3. O Orçamento Geral do Estado (OGE) é uma farsa, não é, verdadeiramente, o plano financeiro do Governo em funções, os créditos aprovados são alterados sem a intervenção da Assembleia Nacional (AN).

O OGE, após aprovado na AN e promulgado pelo Presidente da República (PR), torna-se lei, não pode ser alterado sem o consentimento dos representantes do povo. Na realidade angolana, há até o uso de dinheiros públicos não inscritos no OGE e não há consequências políticas.
4. A existência de uma economia de enclave com a emergência do ciclo de petróleo, que é, bem dizer, o único produto de exportação de Angola, mas é vendida em uma unidade monetária diferente da moeda nacional. Explico-me melhor, a venda do petróleo angolano em dólares americanos, em vez de Kwanza, faz com que contribua para o desequilíbrio da equação monetária fundamental, sendo, por conseguinte, o factor impulsionador da instabilidade, contribuindo para as constantes pressões inflacionárias na economia. A famosa esterilização ex-ante dos petrodólares, não tem tido os efeitos desejados.

Os quatro elementos acima apontados, são estruturantes, sem a sua profunda alteração, não vejo como as iniciativas reformadoras da economia revertam as deformações macro-económicas de forma sustentável.

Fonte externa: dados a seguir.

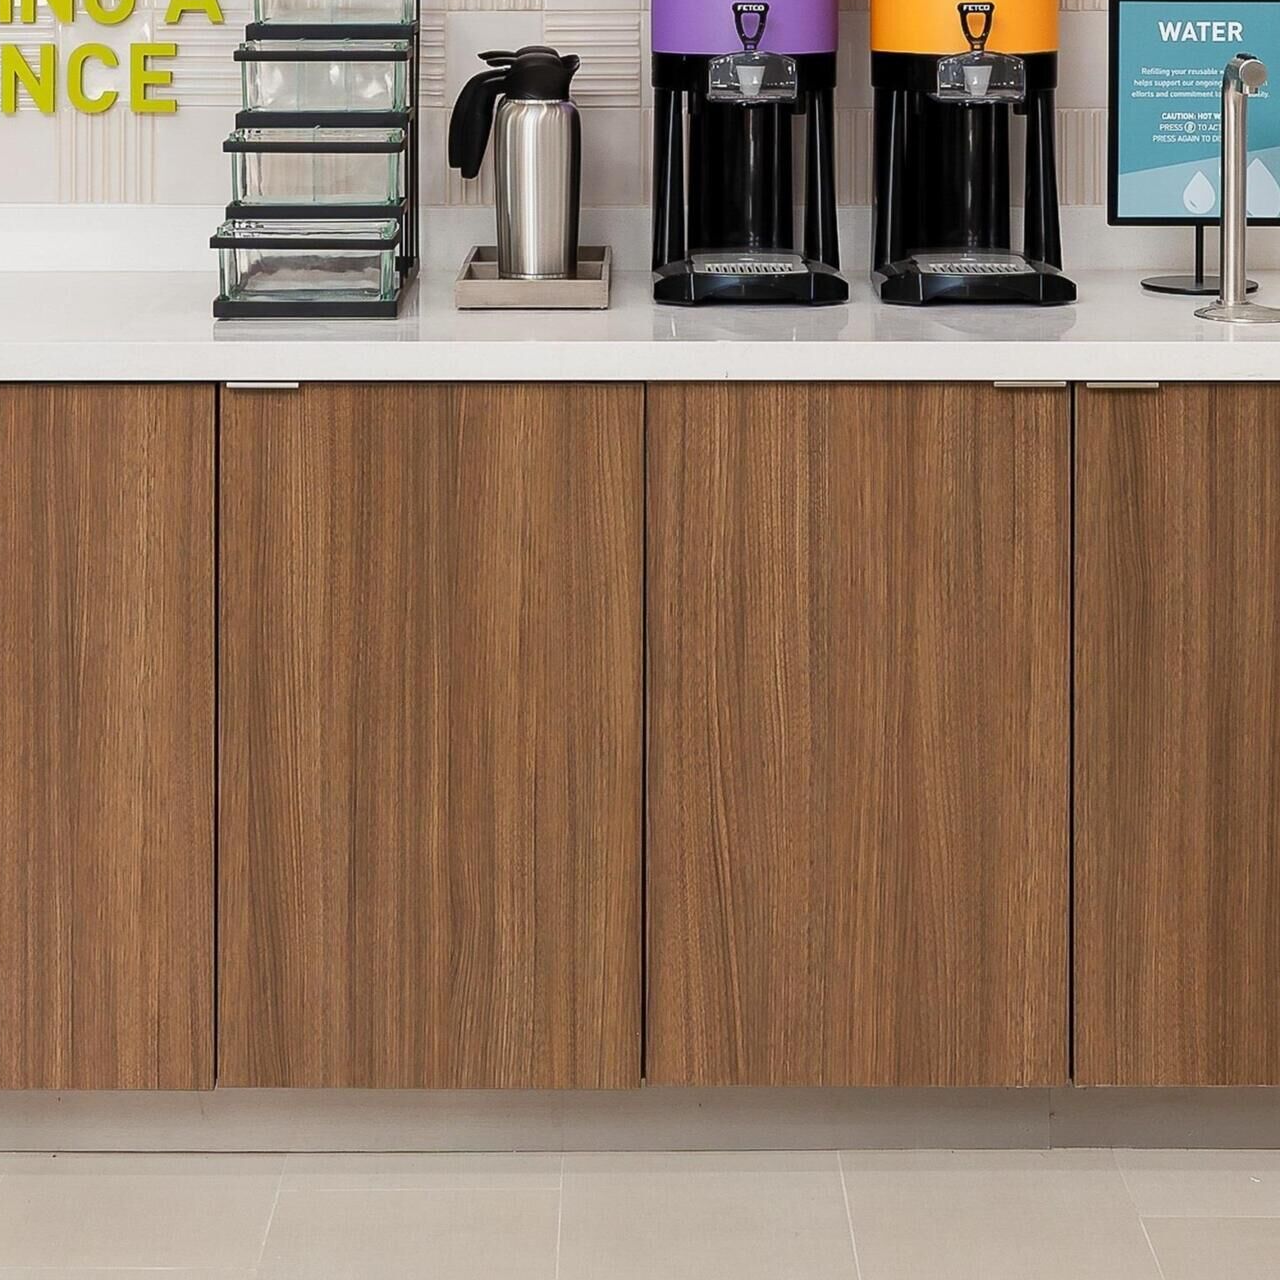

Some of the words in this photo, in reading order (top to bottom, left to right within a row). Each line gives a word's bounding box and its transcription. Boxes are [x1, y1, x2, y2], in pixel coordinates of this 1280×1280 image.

[737, 4, 765, 12] FETCO
[1158, 21, 1243, 42] WATER
[1141, 67, 1170, 77] Refilling
[1171, 69, 1187, 77] your
[1188, 67, 1218, 75] reusable
[1133, 79, 1153, 87] helps
[1154, 80, 1181, 88] support
[1194, 80, 1223, 88] ongoing
[1131, 90, 1154, 98] efforts
[1155, 90, 1169, 98] and
[1169, 90, 1214, 98] commitment
[1161, 112, 1197, 120] CAUTION:
[1197, 112, 1213, 120] HOT
[1159, 123, 1184, 131] PRESS
[1198, 123, 1207, 131] TO

A diversificação da economia de que muito se propala que será factor decisivo para o relançamento da economia nacional, ou o investimento directo estrangeiro, não poderá acontecer sem que se altere totalmente a forma como se pensa a economia angolana. Embora a economia capitalista se desenvolva em ciclos, o mesmo é dizer, que os períodos expansionistas são sempre precedidos de declínios, sendo, por conseguinte, as crises um fenómeno esperado da economia capitalista, a correcção das deformações que proporcionem o crescimento económico deve ser a preocupação de quem tem a responsabilidade de conduzir a política macro-económica, a fim de reverter o actual quadro de degradação dos principais indicadores macro-económicos, que reduzam os níveis de empobrecimento prevalente na economia. A economia é uma ciência não exacta, mas não mente, os seus postulados falam por si, não é só porque sou treinador de bancada, é porque os factos falam por si!